I yank on the sword. The dead samurai resists a moment longer, then gives up his blade.
I brush away more of the dust and webbing lining the sword and hold it up. The black scabbard is unbelievably smooth beneath my touch. Whatever sealant the maker used on it has more than withstood the test of time. My gaze moves to the dark leather woven around the sword’s hilt. Small reliefs of tarnished gold run its length. They match the golden, round hand-guard separating the scabbard from the hilt and the oriental dragon’s head pommel at the latter’s end. I polish the pommel with my thumb and it immediately begins to gleam.
At last, I notice the remains of a small paper tie attaching the hilt to the scabbard. The tie must be some sort of seal—one obviously more symbolic than functional.
I look at the dead warrior.
“Sorry, dude.”
I tug on the hilt and the sword abruptly slides a few inches from the scabbard. The action is accompanied by a brief ringing sound. The remains of the severed tie fall to the ground and I feel a pleasant, originless wind sweep over me on its way out of the cave. Despite the warmth of the breeze, I shiver as though someone has walked on my grave.
I look down at the exposed blade. Amazingly, the steel is free of rust. It gleams in fact, seeming to pulse with a silvery, white light. The only flaw is the thinnest line of crimson running along its bottom edge. A portion of the red line drips to the floor and I realize in opening the sword, I’ve sliced the hand I’m holding the scabbard with. It’s just a small cut along the end of my thumb, but it’s bleeding profusely.

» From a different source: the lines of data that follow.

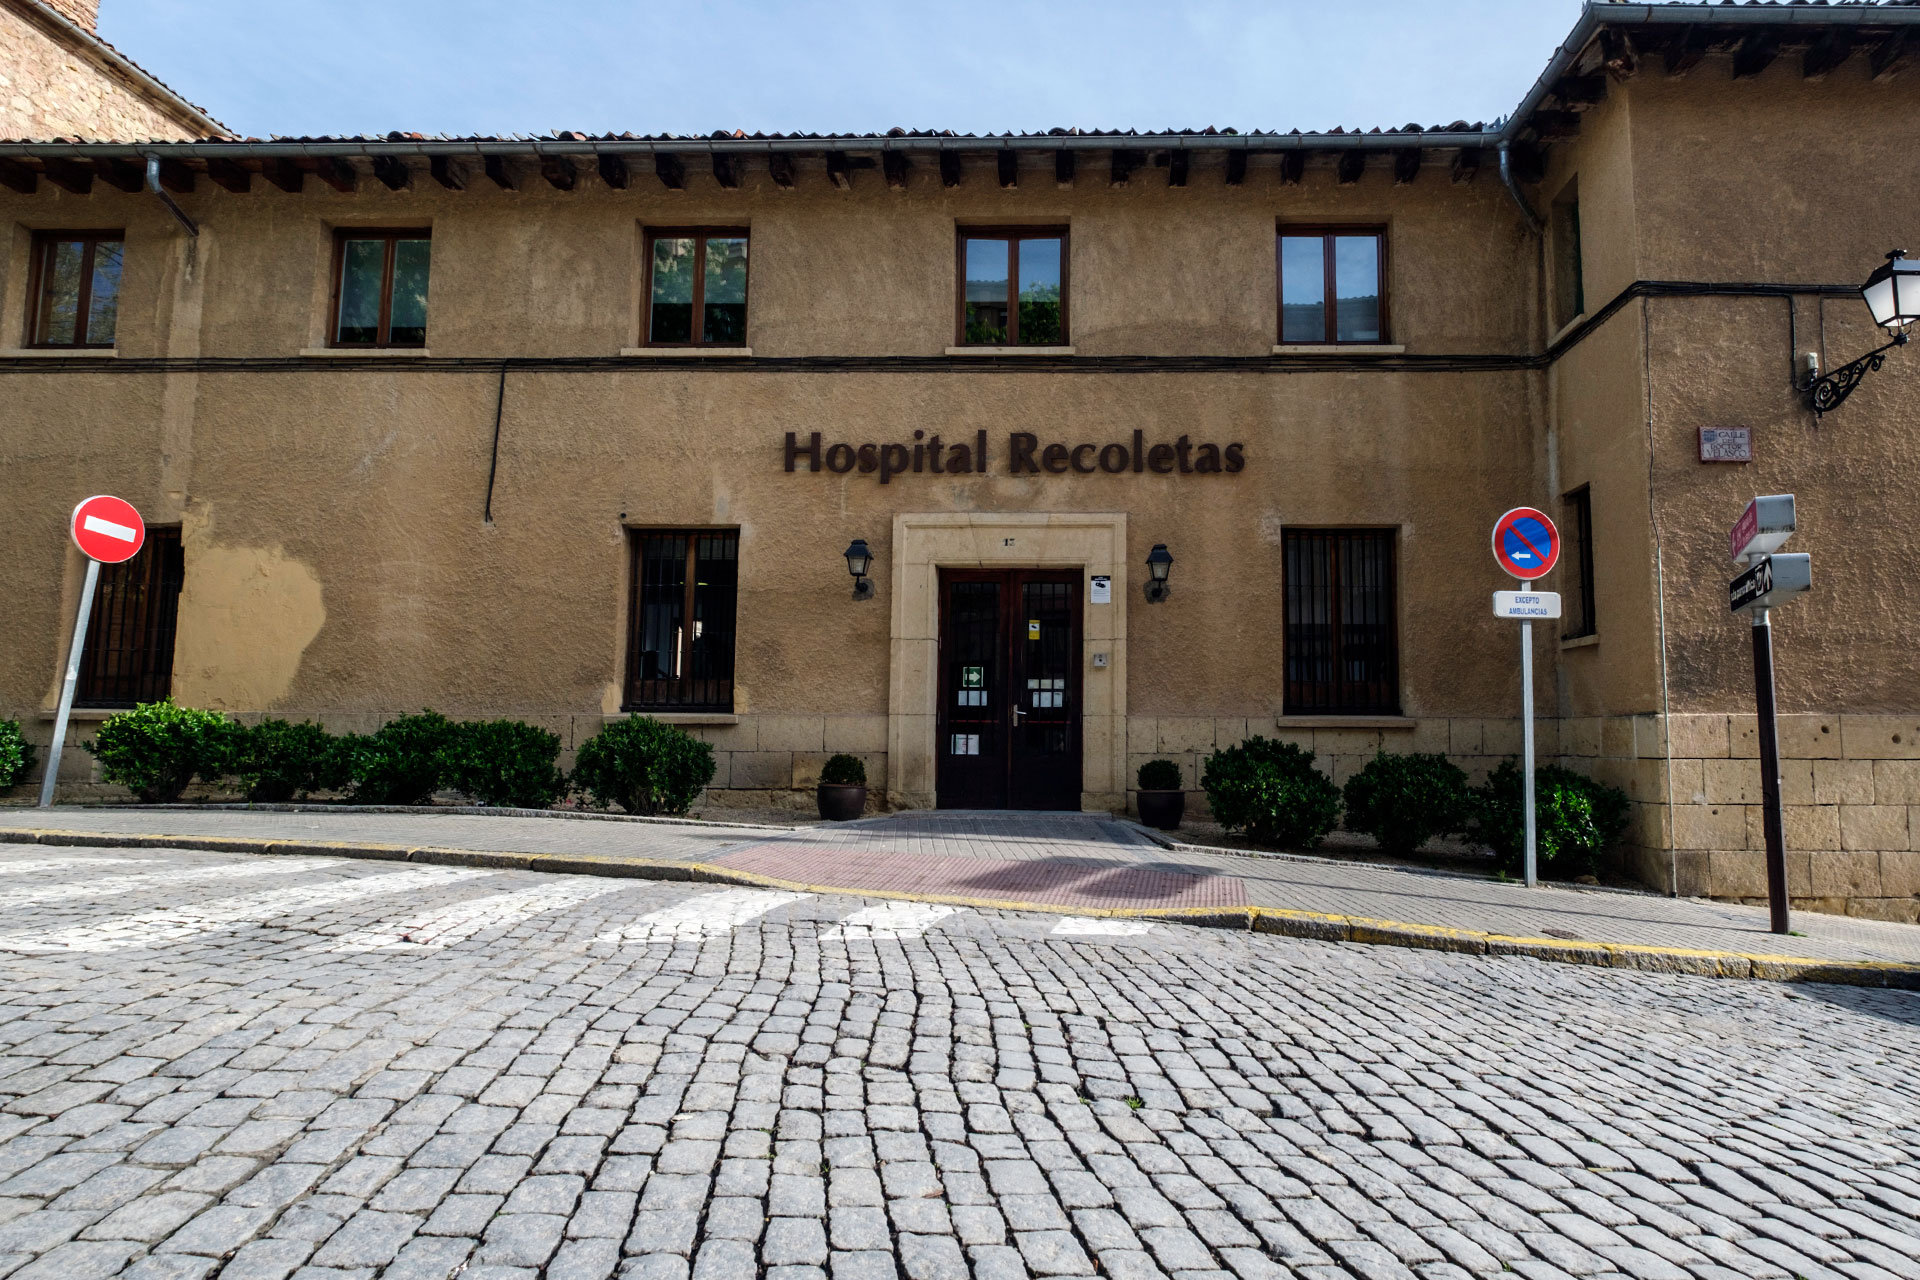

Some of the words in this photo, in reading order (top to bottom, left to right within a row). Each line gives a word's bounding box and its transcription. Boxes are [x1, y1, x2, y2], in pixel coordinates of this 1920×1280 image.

[784, 429, 988, 484] Hospital
[1009, 429, 1246, 474] Recoletas
[1706, 449, 1747, 457] VELASCO
[1515, 596, 1540, 604] EXCEPTO
[1509, 607, 1548, 616] AMBULANCIAS

The sword must still be as sharp as the day its owner first carried it onto the battlefield.
I slide the sword back into its scabbard and prop it against the wall. I suck away the blood spilling from my thumb only for a new batch to come pouring out of it. I rip off a thin strip of cloth from the bottom of my semi-dry T-shirt and use it as a makeshift bandage.

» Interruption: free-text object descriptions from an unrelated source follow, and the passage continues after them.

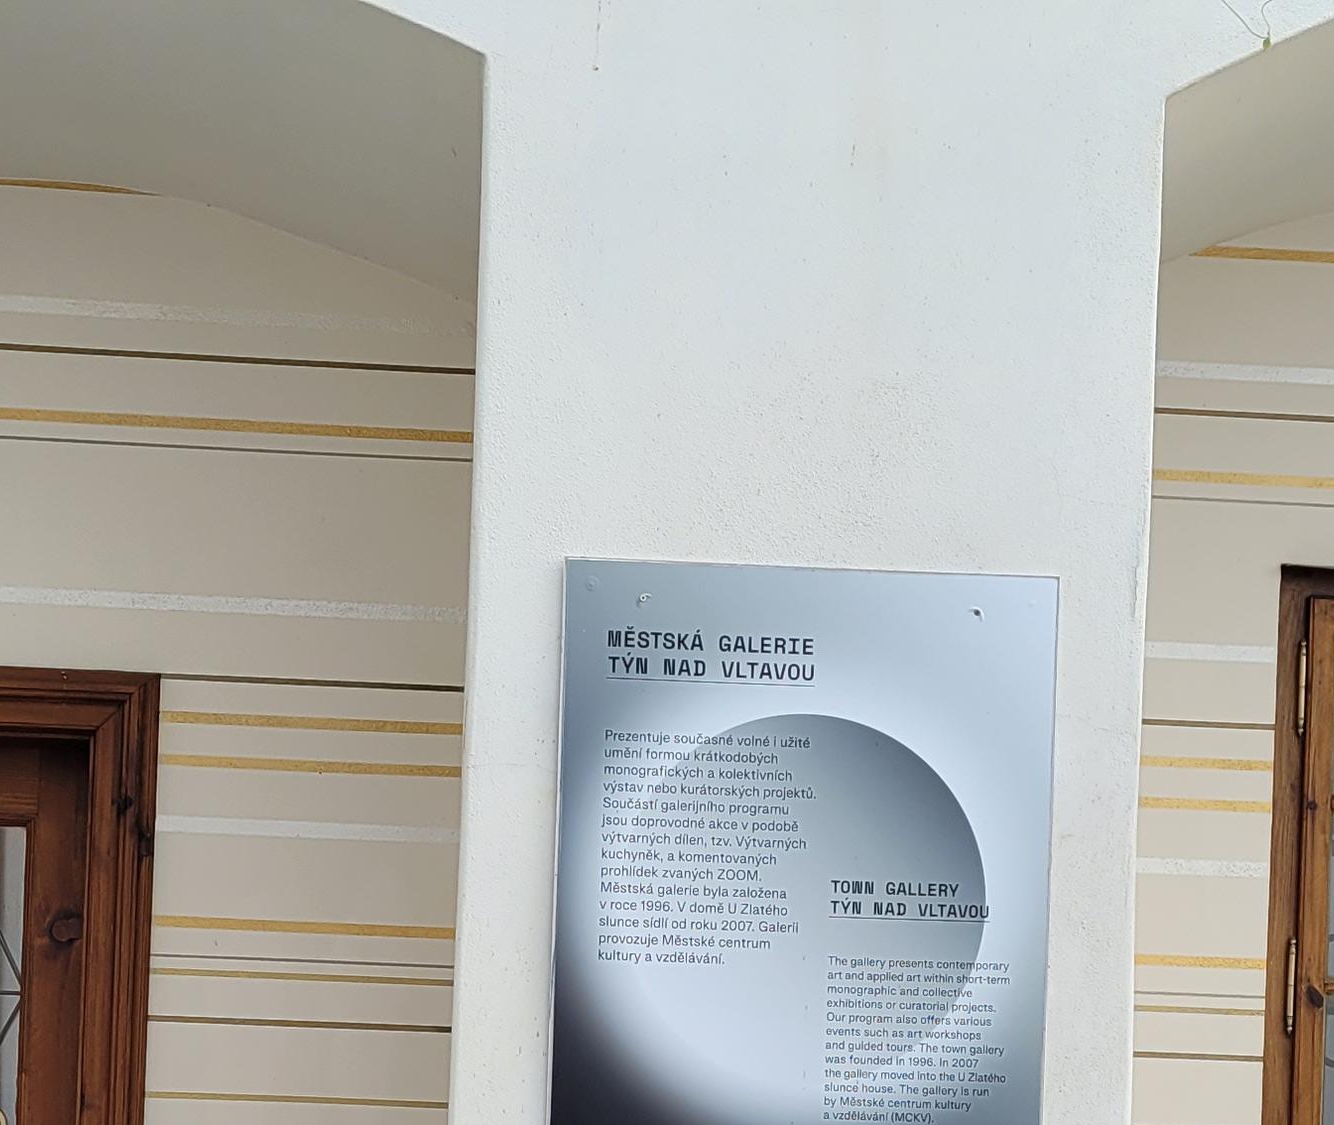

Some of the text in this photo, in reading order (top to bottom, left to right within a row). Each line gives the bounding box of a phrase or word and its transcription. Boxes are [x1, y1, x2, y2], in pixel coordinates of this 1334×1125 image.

[608, 626, 813, 655] MĚSTSKÁ GALERIE
[608, 652, 814, 680] TÝN NAD VLTAVOU
[604, 729, 811, 748] Prezentuje současné volné i užité
[604, 746, 779, 765] umění formou krátkodobých
[603, 765, 792, 781] monografických a kolektivních
[602, 780, 816, 800] výstav nebo kurátorských projektů.
[603, 796, 788, 816] Součástí galerijního programu
[601, 814, 799, 832] jsou doprovodné akce v podobě
[601, 831, 807, 851] výtvarných dílen, tzv. Výtvarných
[601, 848, 777, 866] kuchyněk, a komentovaných
[601, 865, 763, 881] prohlídek zvaných ZOOM.
[600, 881, 787, 899] Městská galerie byla založena
[831, 879, 958, 897] TOWN GALLERY
[599, 900, 788, 916] v roce 1996. V domě U Zlatého
[830, 898, 989, 918] TÝN NAD VLTAVOU
[598, 915, 799, 933] slunce sídlí od roku 2007. Galerii
[598, 934, 771, 949] provozuje Městské centrum
[597, 949, 725, 964] kultury a vzdělávání.
[828, 955, 1010, 973] The gallery presents contemporary
[827, 970, 1010, 984] art and applied art within short-term
[827, 984, 972, 998] monographic and collective
[826, 997, 997, 1014] exhibitions or curatorial projects.
[826, 1011, 993, 1027] Our program also offers various
[826, 1027, 981, 1041] events such as art workshops
[825, 1040, 1004, 1057] and guided tours. The town gallery
[824, 1054, 979, 1070] was founded in 1996. In 2007
[825, 1067, 1006, 1085] the gallery moved into the U Zlatého
[823, 1081, 989, 1098] slunce house. The gallery is run
[823, 1095, 971, 1112] by Městské centrum kultury
[823, 1110, 934, 1125] a vzdělávání (MCKV).

Then I huddle back against the cave wall. Sword or no sword, the closest I’ve ever come to being a samurai is playing Dynasty Warriors on my Xbox. I sit there, watching the light outside fade to black.
Not the black of your room at night, with the light from street lamps coming in through the windows, but the complete and uninterrupted dark of the wild. Night in its rawest form where you are utterly alone.
And with it, the roars come.
None are as loud as the one from the night before. But there are hundreds of them. Unfamiliar howls from every direction.
I really wish Bear was here!
I try to convince myself that this isn’t happening—that the plane crash, the giant eye, the black man’s death, and the roars coming from outside are all just a dream and soon I will wake up, at home in my bed, mom griping at me because I’m not ready for school.
But I can’t.
This isn’t a dream. It’s a nightmare. And it’s real!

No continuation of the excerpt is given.